TRY IT –
Every record below needs to be set down exactly. Pictures do not belong in the copy.

------------------------------------------------------------

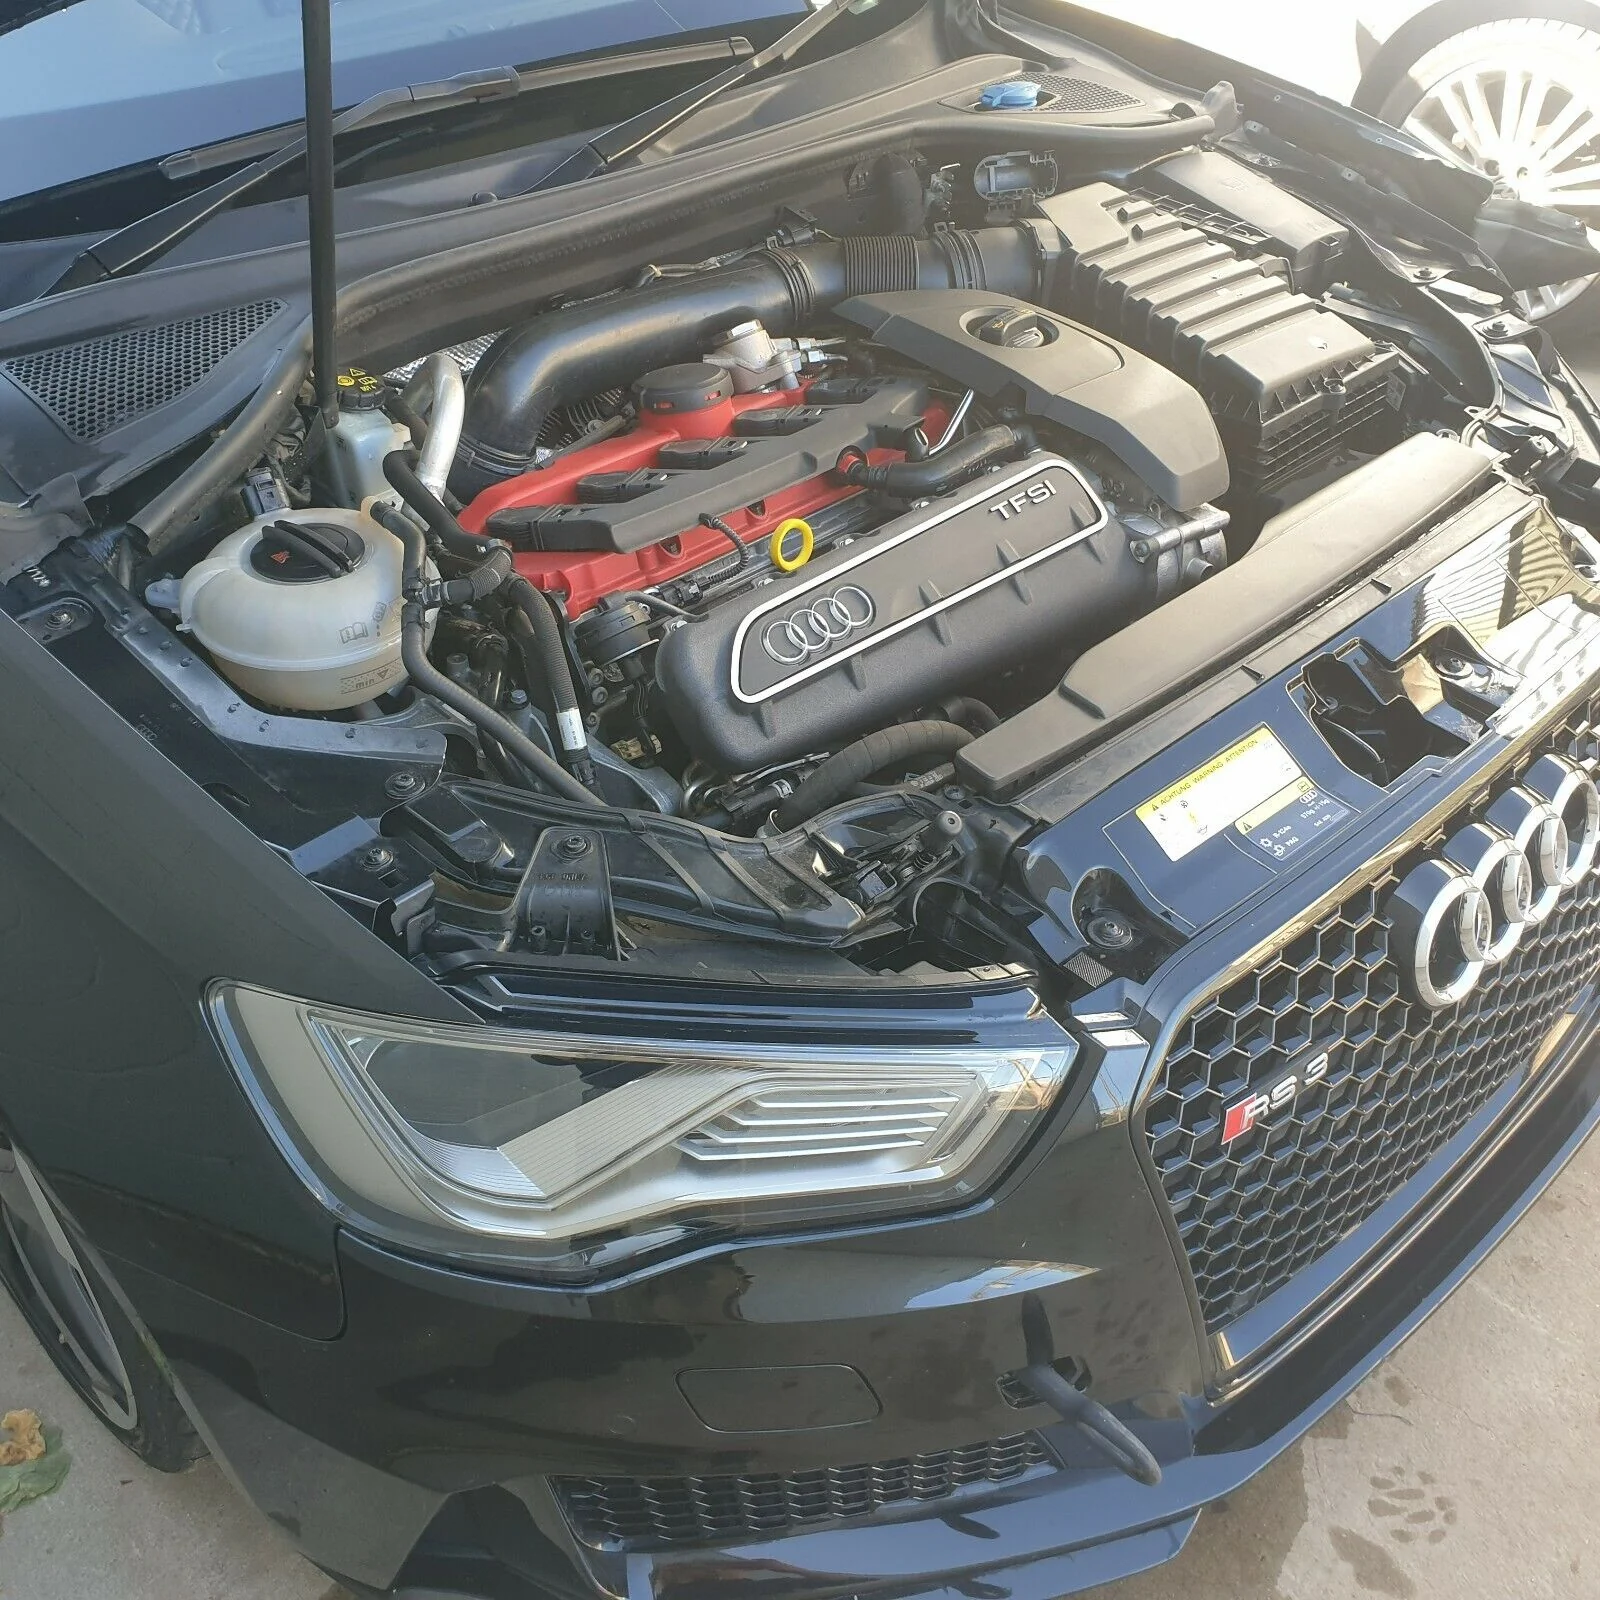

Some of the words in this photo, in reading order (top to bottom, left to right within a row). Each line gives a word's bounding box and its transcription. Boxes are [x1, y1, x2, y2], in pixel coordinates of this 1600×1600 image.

[989, 479, 1057, 520] TFSI
[355, 678, 375, 689] min
[1160, 782, 1191, 805] ACHTUNG
[1193, 761, 1224, 784] WARNING
[1225, 739, 1258, 762] ATTENTION
[1240, 1075, 1298, 1131] RS
[1304, 1052, 1329, 1086] 3

------------------------------------------------------------

OUTPUT BELOW –
Some of the words in this photo, in reading order (top to bottom, left to right within a row). Each line gives a word's bounding box and its transcription. Boxes are [x1, y1, x2, y2], in pixel coordinates of this 1600×1600 image.

[989, 479, 1057, 520] TFSI
[355, 678, 375, 689] min
[1160, 782, 1191, 805] ACHTUNG
[1193, 761, 1224, 784] WARNING
[1225, 739, 1258, 762] ATTENTION
[1240, 1075, 1298, 1131] RS
[1304, 1052, 1329, 1086] 3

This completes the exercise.